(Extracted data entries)

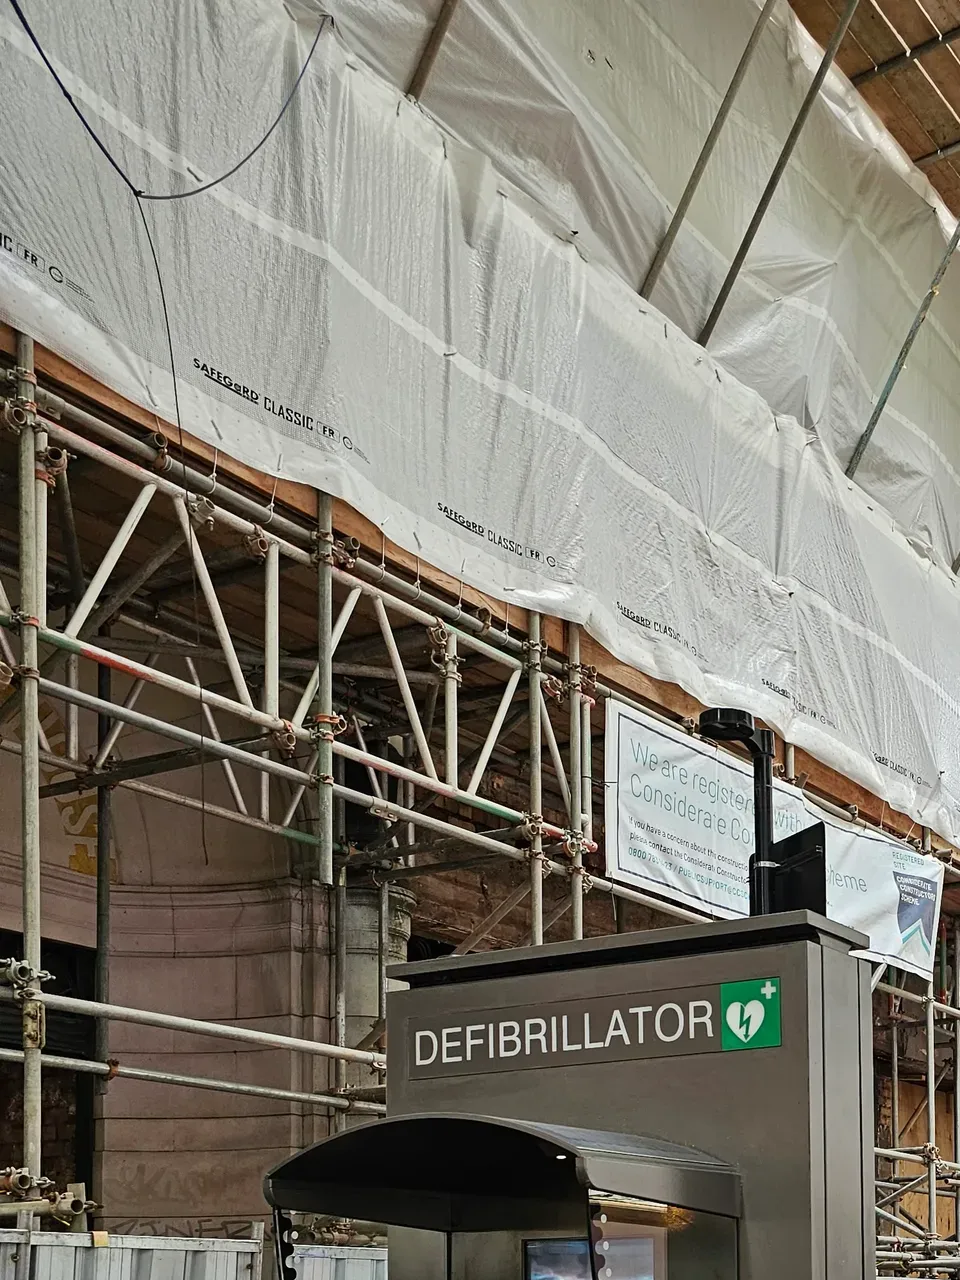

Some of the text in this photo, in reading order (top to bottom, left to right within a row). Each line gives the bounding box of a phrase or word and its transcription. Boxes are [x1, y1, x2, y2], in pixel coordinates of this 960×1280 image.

[264, 396, 314, 431] CLASSIC
[322, 426, 335, 438] FR
[488, 530, 523, 556] CLASSIC
[630, 738, 658, 771] We
[661, 761, 688, 785] are
[630, 774, 726, 836] Considerate
[634, 820, 646, 831] you
[646, 823, 661, 836] have
[648, 841, 673, 856] contact
[414, 1000, 715, 1067] DEFIBRILLATOR

● **WORK ITEM**
All records above are to be repeated exactly, with the images left out.

● **REPLY TO THE EXERCISE**
Some of the text in this photo, in reading order (top to bottom, left to right within a row). Each line gives the bounding box of a phrase or word and its transcription. Boxes are [x1, y1, x2, y2], in pixel coordinates of this 960×1280 image.

[264, 396, 314, 431] CLASSIC
[322, 426, 335, 438] FR
[488, 530, 523, 556] CLASSIC
[630, 738, 658, 771] We
[661, 761, 688, 785] are
[630, 774, 726, 836] Considerate
[634, 820, 646, 831] you
[646, 823, 661, 836] have
[648, 841, 673, 856] contact
[414, 1000, 715, 1067] DEFIBRILLATOR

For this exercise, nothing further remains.